Harriet Tubman is ripe for reexamination as a complicated figure. Taught in the history books as a saintly lady who was a key “conductor” on the Underground Railroad bringing slaves to freedom, Tubman has been revealed in more recent scholarship as a rough, pistol-packing woman capable of great egotism and jealousy.
“Harriet” is the vibrant new cinematic portrait of Tubman played by relative unknown Cynthia Erivo, who won’t stay that way long. Director Kasi Lemmons (“Eve’s Bayou”), who also co-wrote the screenplay with Gregory Allen Howard, has delivered a bravura film that is part reverence, part religion-tinged redemption and part action/adventure.
It’s a compelling, complex biopic.
The story begins in 1849 Maryland, where Aramintra “Minty” Ross was born to slave parents held by the Brodess family, though her father (Clarke Peters) later earned his freedom. Minty was also allowed to marry another free black, John Tubman (a soulful Zackary Momoh), but remained in bondage after the patriarch of the slave owners died and the yoke passed to the spiteful son, Gideon Brodess (Joe Alwyn, utterly chilling).
The film actually follows the historical record pretty closely, with obvious fictionalized portions to fill in the gaps. So there are created figures like Walter (Henry Hunter Hall), a charming rapscallion slave tracker who walks the line between friend and foe, and the much scarier Bigger Long (Omar Dorsey), who seems to regard returning slaves to bondage as his personal calling.
Other aspects of the story that might seem like Hollywood hokum are actually part of the historical record. For example, that Minty was injured by a heavy object thrown by a master splitting her head open as a girl that left a dent in her forehead, and was prone to somnambulist spells the rest of her life where she would go into a daze.
It was during these times that Tubman claimed to commune with God. “The hole in my head just made God’s voice more clear,” she says.
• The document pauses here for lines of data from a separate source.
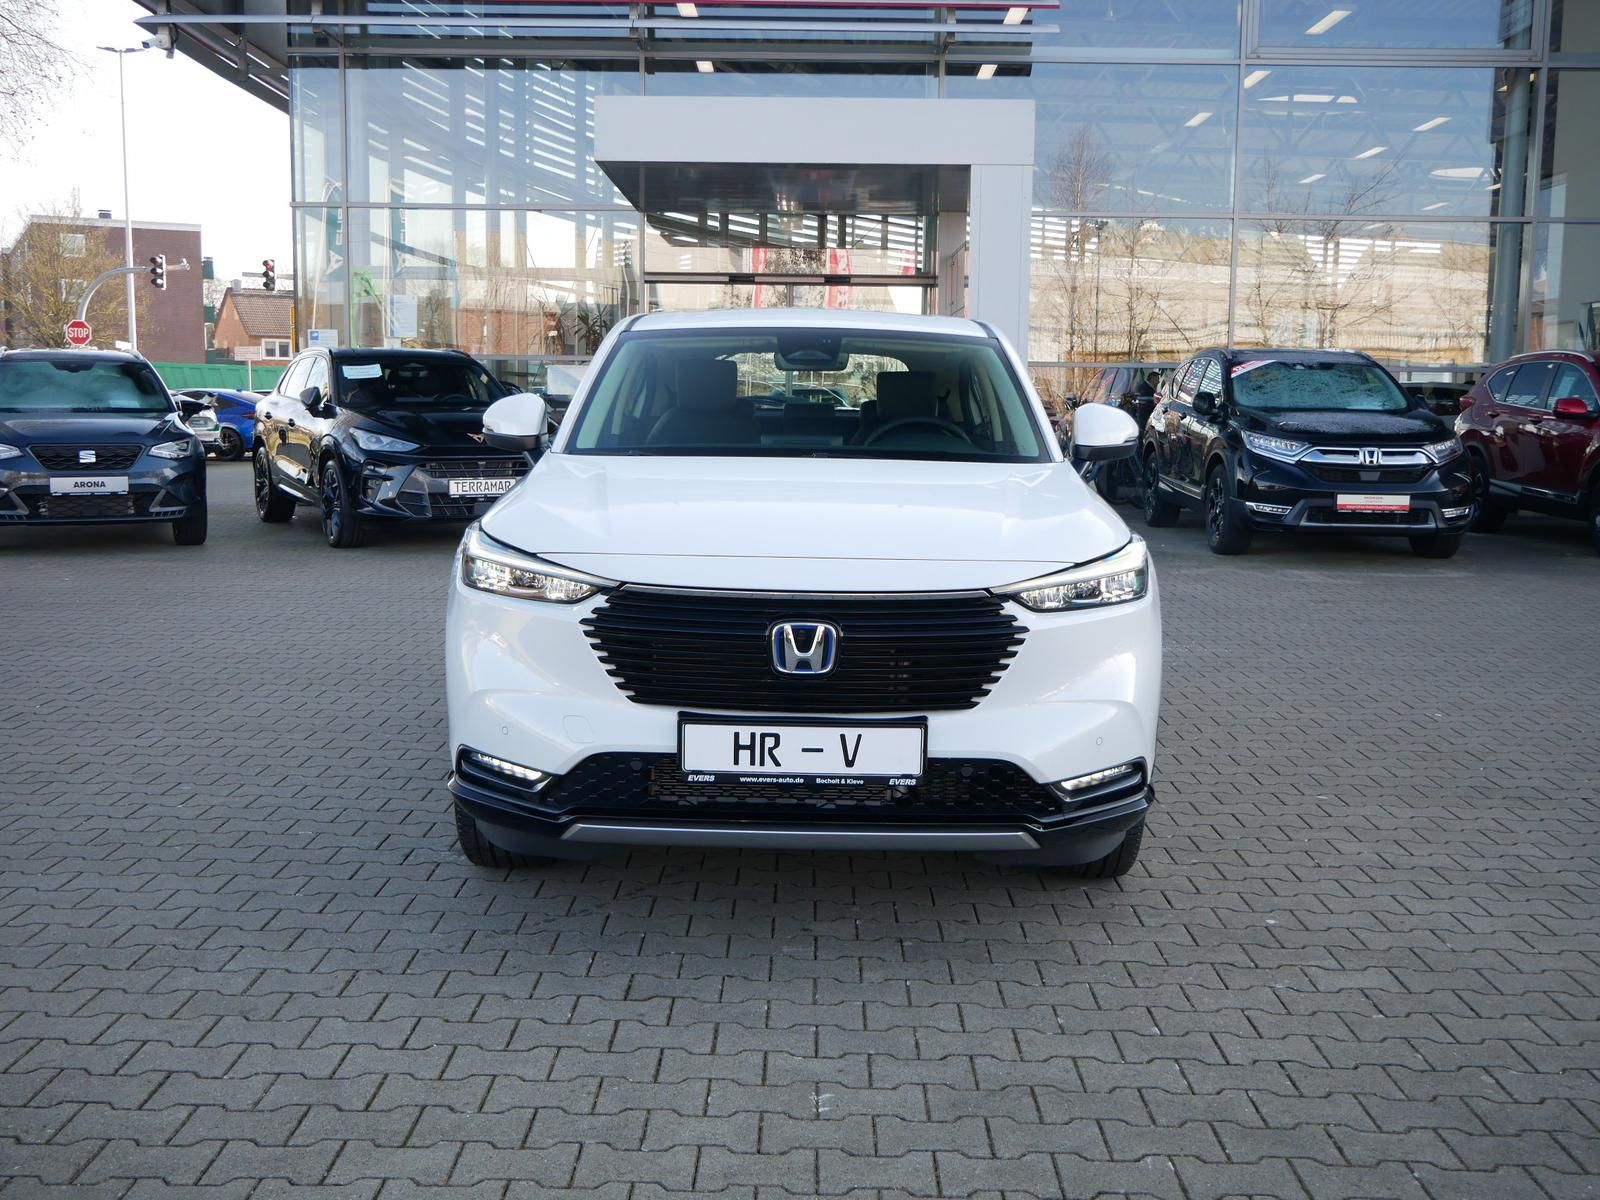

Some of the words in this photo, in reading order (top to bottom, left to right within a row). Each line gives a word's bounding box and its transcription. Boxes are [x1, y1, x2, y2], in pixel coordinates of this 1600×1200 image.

[68, 327, 89, 338] STOP
[454, 481, 511, 492] TERRAMAR
[733, 731, 782, 767] HR
[839, 733, 862, 768] V
[687, 774, 715, 782] EVERS
[739, 776, 804, 784] www.evers-auto.de
[815, 777, 840, 785] Bocholt
[888, 778, 917, 786] EVERS
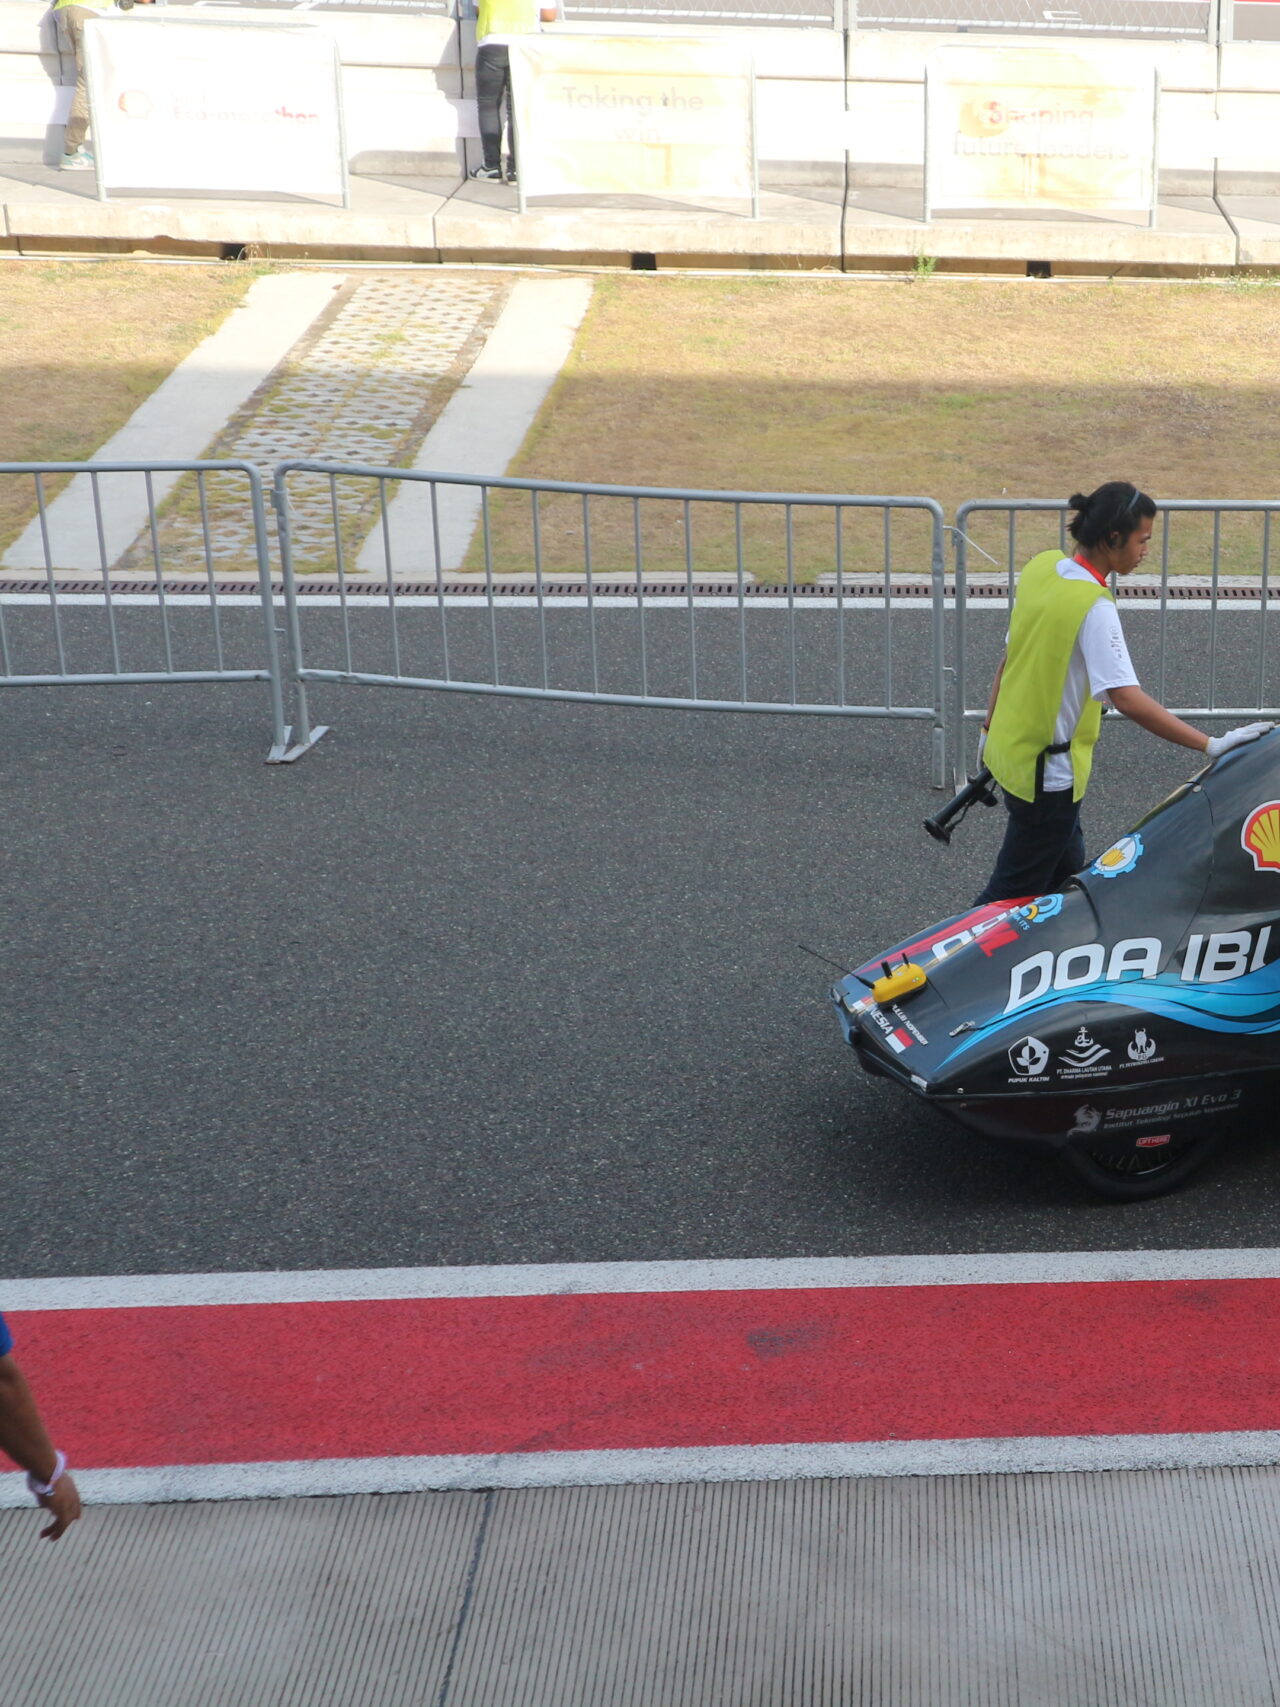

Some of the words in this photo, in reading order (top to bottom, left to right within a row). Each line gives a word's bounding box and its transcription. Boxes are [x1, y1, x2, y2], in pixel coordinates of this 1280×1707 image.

[562, 85, 652, 117] Taking
[661, 87, 705, 110] the
[954, 130, 1027, 157] future
[1036, 134, 1129, 159] leaders
[1002, 937, 1162, 1015] DOA
[1105, 1101, 1180, 1119] Sapuangin
[1183, 1096, 1199, 1109] XI
[1201, 1093, 1228, 1105] Evo
[1229, 1089, 1242, 1101] 3
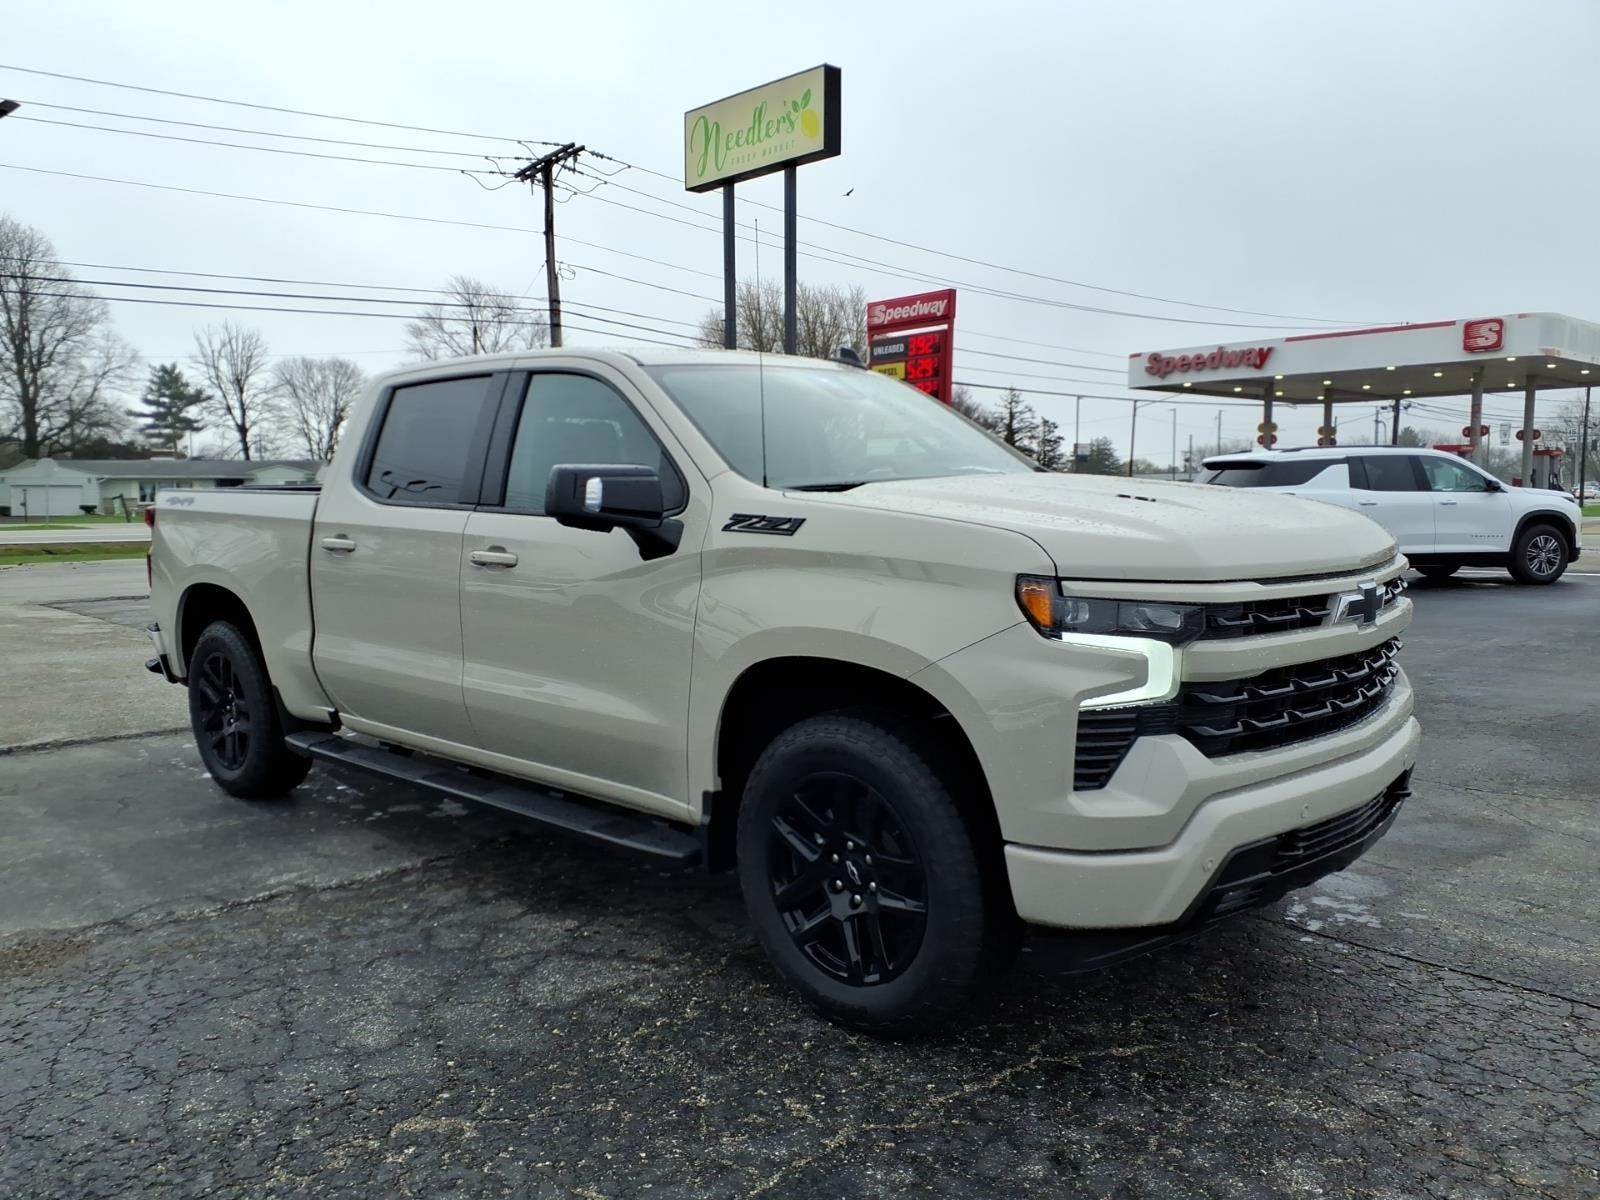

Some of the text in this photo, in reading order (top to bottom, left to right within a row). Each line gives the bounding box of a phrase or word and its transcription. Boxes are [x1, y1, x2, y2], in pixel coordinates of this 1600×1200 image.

[690, 100, 797, 178] Needler's
[871, 299, 948, 324] Speedway
[873, 343, 905, 356] UNLEADED
[1145, 346, 1275, 380] Speedway
[721, 513, 807, 536] Z71
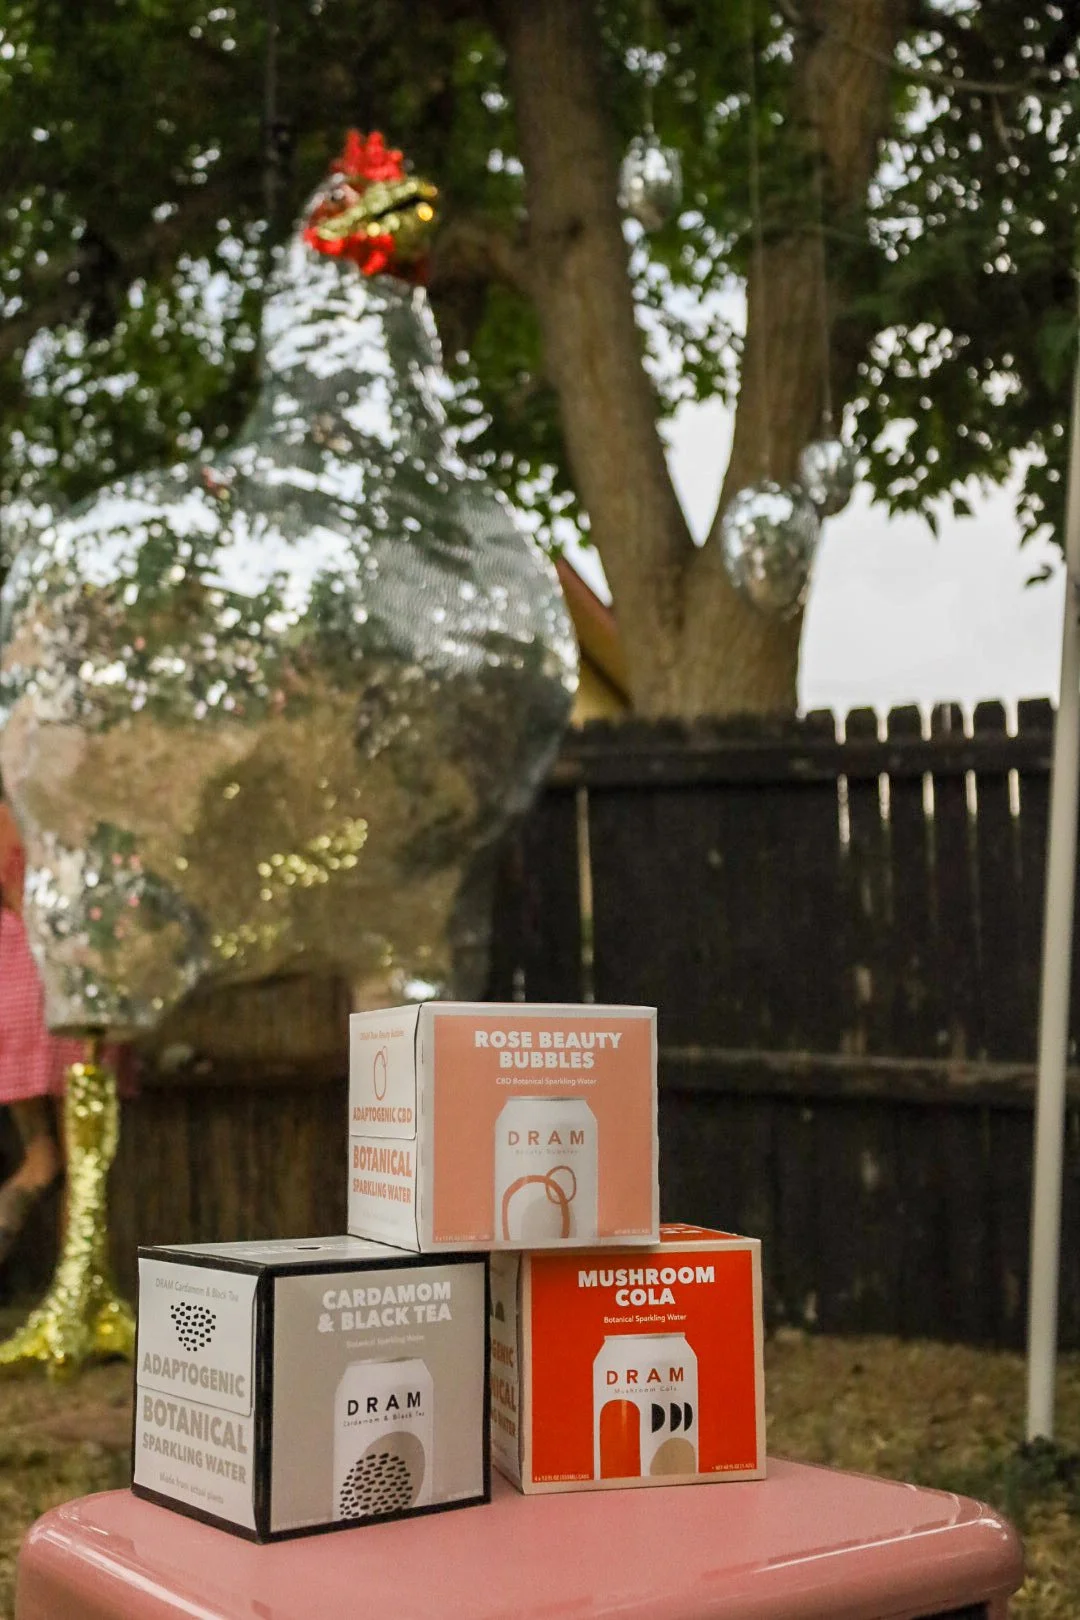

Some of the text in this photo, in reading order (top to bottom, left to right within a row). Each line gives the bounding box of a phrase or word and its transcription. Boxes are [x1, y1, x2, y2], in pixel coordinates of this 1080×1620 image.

Emotionally rent by already having three older sisters sold and lost to the family forever, Minty resolves not to let the same happen when Gideon means to sell her away down south. She runs away to Philadelphia, a harrowing journey assisted by kindly black preacher (Vondie Curtis-Hall) who cites Biblical scripture about slaves honoring their masters during the day but preaches a different tune when white folks aren’t around.
There she meets and allies with noted abolitionist William Still (Leslie Odom Jr.) and finds friendship with Marie Buchanan (Janelle Monáe), a sympathetic but privileged black hotelier.
The film’s strongest sections relate to Tubman’s escapades back to Maryland and other slaveholding states to rescue other slaves, her legend steadily growing. Because she dresses in a man’s clothing and sings hymns about slaves freeing themselves from the Egyptian pharaohs, she is given the name of Moses by the slave masters. For her part, Minty takes her husband’s last name and her mother’s first to form her own “free name.”
It’s a wonderful, rich story, and at the center of it all is Erivo as Harriet.
The actress plays her as a woman born to believe she is nothing, but her faith and resolve eventually force her to strive against a system that is evil and unjust. Especially haunting is the strange relationship she has with Gideon, who grew up with her as children and clearly covets her for more than her cash price.
She begins the film with eyes wide and fearful, and as time goes on her gaze gains a hard glint. The legend of Harriet Tubman has grown to titanic size, but “Harriet” shows the extraordinaire real woman who begat centuries of stories. This is one of the year's best films.